第247回:経産省・技術的制限手段に係る規制の在り方に関する小委員会「技術的制限手段に係る不正競争防止法の見直しの方向性について(案)」に対する提出パブコメ

 ややこしいこと極まりないが、第244回で取り上げた経産省の方のDRM回避規制強化に関するパブコメ(1月21日〆切。電子政府の該当ページ参照)も書いて提出したので、念のため、ここに載せておく。

(以下、提出パブコメ)

・該当箇所
(1)「Ⅱ 「のみ要件」の見直しなど技術的制限手段回避装置等の提供行為に係る民事規定の適正化について」(第4~9ページ)について

(2)「Ⅵ 技術的制限手段回避装置等の提供行為に対する刑事罰の導入について」(第17~21ページ)について

(3)「Ⅶ 技術的制限手段回避装置等に対する水際措置の導入について」(第22~23ページ)について

(4)その他報告書案全体について

・意見内容
(1)本項目Ⅱにおいて、不正競争防止法上のDRM回避機器等の規制における「のみ」要件を「専ら」要件へ変更するとしているが、制度導入以来立法事実に変化がないことを考慮し、このような要件の変更についてより慎重な検討を求める。
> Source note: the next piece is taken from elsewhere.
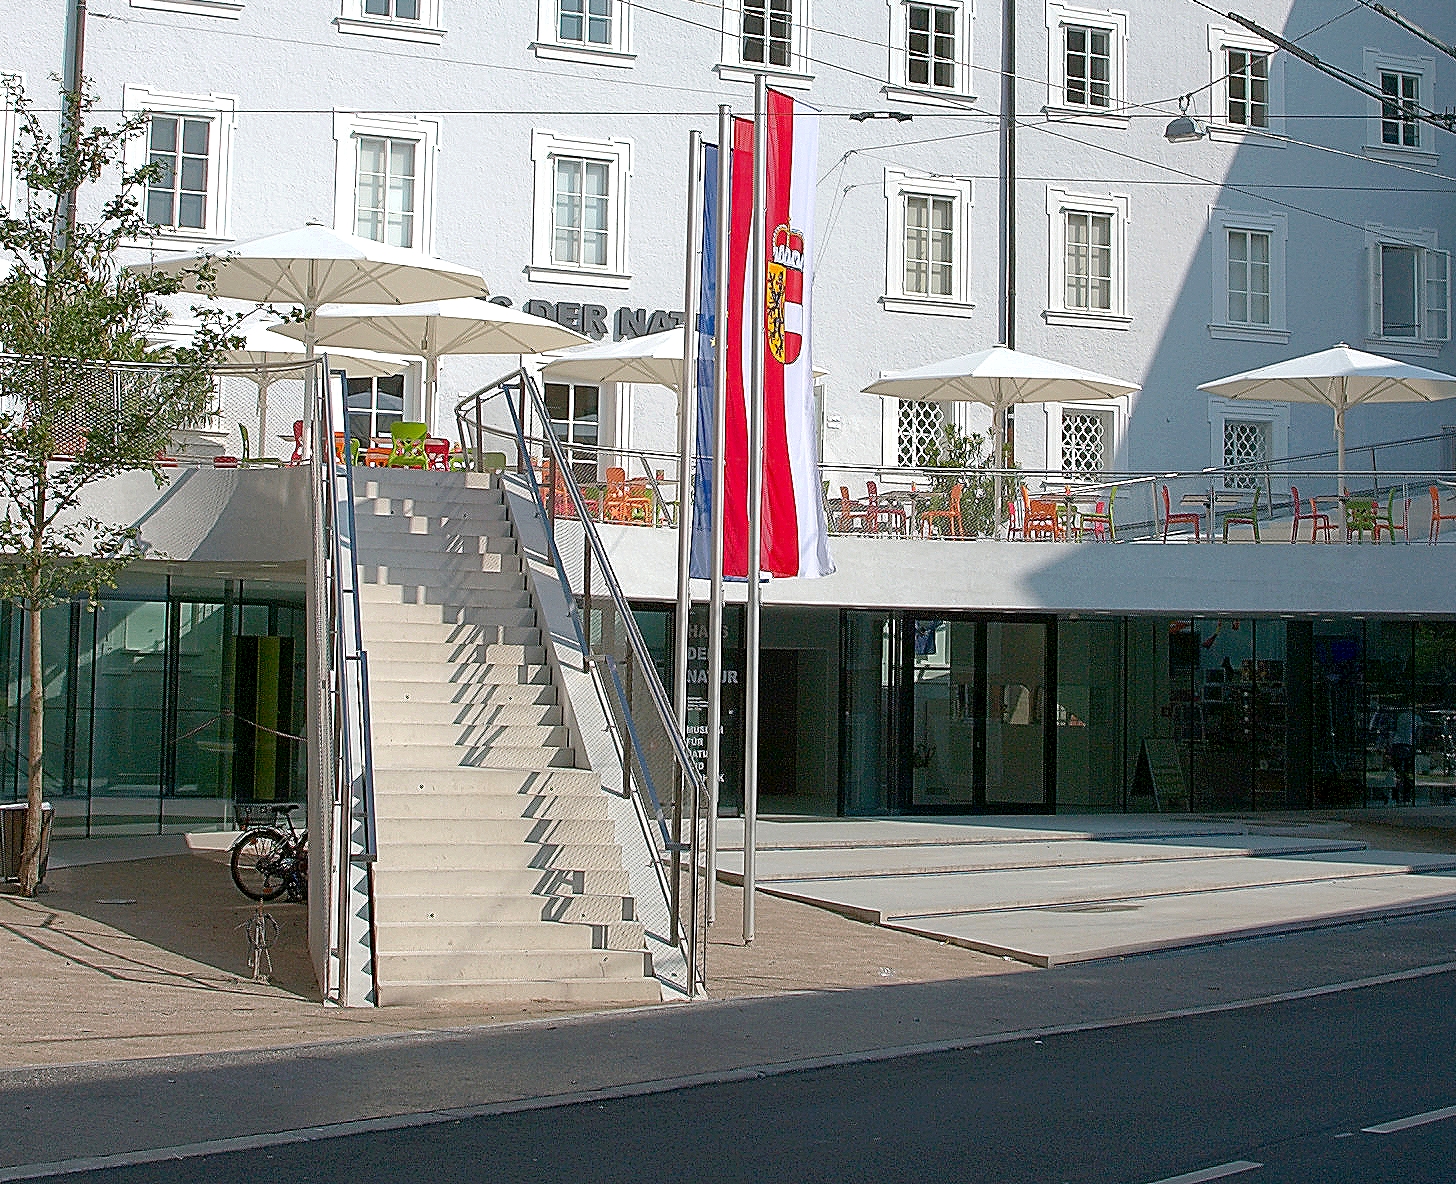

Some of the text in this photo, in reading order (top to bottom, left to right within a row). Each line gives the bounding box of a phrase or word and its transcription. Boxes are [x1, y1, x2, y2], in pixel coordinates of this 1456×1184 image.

[524, 298, 610, 338] DER
[689, 624, 729, 639] HAS
[687, 646, 707, 661] DE
(2)本項目Ⅵにおいて、技術的制限手段回避装置等の提供行為について刑事罰を導入するとしているが、現行規制における民事救済では不十分とする合理的根拠のない中での、このような刑事罰付加による規制強化に反対する。

(3)本項目Ⅶにおいて、技術的制限手段回避装置等に対する水際措置を導入するとしているが、刑事罰導入の検討との関係を踏まえ、より慎重な検討を求める。

(4)不合理な規制強化の背景と思われる模倣品・海賊版拡散防止条約(ACTA)の署名・批准に反対する。最終的な報告書のとりまとめにおいては、合理的な根拠のない法改正はしないとするべきである。

・理由
(1)「Ⅱ 「のみ要件」の見直しなど技術的制限手段回避装置等の提供行為に係る民事規定の適正化について」(第4~9ページ)において、「技術的制限手段を回避する機能の他に、追加的に他の機能が付されているために『のみ』要件を欠くと称する装置等が氾濫しており、コンテンツ事業に甚大な被害を与えていると指摘されている」として、そのような機器の例にマジコンや画像安定化機能付きコピーガードキャンセラー等をあげ、現行のDRM回避機器等における「のみ」要件を「専ら」要件にする方向で見直すとしている。
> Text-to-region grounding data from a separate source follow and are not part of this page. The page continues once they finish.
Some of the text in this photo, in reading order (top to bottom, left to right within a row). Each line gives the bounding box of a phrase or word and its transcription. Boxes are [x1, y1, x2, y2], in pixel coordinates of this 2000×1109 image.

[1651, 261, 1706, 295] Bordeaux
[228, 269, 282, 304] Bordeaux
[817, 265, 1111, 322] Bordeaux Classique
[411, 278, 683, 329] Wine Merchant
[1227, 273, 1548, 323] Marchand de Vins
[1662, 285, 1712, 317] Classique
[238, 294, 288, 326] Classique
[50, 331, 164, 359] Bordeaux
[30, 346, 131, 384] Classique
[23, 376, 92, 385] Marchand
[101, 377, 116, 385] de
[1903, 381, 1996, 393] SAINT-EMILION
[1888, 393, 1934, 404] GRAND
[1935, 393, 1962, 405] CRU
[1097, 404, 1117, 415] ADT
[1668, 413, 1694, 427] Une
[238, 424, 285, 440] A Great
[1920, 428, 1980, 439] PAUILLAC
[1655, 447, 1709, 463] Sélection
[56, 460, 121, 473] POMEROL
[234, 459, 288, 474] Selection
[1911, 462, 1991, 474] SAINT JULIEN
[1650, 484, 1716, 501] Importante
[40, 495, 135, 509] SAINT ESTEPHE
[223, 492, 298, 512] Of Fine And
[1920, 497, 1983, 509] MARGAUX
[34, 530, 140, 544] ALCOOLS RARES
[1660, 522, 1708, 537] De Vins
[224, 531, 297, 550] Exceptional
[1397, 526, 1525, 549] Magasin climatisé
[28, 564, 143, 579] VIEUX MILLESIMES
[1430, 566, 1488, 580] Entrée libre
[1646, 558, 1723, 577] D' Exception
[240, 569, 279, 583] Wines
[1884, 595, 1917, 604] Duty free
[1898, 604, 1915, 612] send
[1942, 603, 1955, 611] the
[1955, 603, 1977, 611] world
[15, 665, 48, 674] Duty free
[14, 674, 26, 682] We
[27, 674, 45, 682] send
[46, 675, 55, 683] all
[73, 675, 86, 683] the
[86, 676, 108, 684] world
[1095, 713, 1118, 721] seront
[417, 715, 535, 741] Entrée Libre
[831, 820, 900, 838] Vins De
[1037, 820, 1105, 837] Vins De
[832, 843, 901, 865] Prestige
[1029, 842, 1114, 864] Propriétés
 しかし、例としてあげられているマジコンについては既に2009年2月の東京地裁の判決によって現行規制の対象とする司法判断が示されているのであり(本報告書案の注18の判決である)、これを大した根拠もなく現行規制の対象外とするかの如き整理は行政の報告書の整理として極めて不適切である。今のところ、このような司法判断を立法によりオーバーライドしなければならないとする合理的根拠は何一つない。わざわざ司法判断まで示されている中で法改正を行うことは、かえって規制対象をいたずらに不明確にする恐れが強い。また、画像安定化装置についても制度導入当初から存在していた機器であり、このような機器の存在も法改正の根拠とはならない。

 現行規制の「のみ」要件の見直しについては、制度導入以来立法事実に変化がないことを考慮し、より慎重な検討を求める。この点について、今後の検討において新たな根拠が示されない限り法改正はしないとするべきである。マジコンが問題であるならば、行政として、マジコンが既に現行規制の対象であることを周知する等の地道な施策をまずきちんと行うことで対処するべきである。

 なお、本項目において、「のみ」要件を「専ら」要件へ変更した際の無反応機器の取り扱いについて、「『のみ』要件を見直した場合においても、上述のとおり装置等の利用者の利用実態、販売者の販売態様などの事情を総合的に考慮し、営業上用いられる技術的制限手段の回避を中核的な機能とするものであるか否かで判断されるため、無反応機器について徒らに規律対象になることは想定されない」(第7ページ)としているが、無反応機器を規制対象外とする解釈が担保される明確な根拠はなく、無反応機器との関係でも「専ら」要件への変更は規制対象を不明確にするものと言わざるを得ない。無反応機器との関係でも、要件の変更はより慎重に検討されなくてはならない。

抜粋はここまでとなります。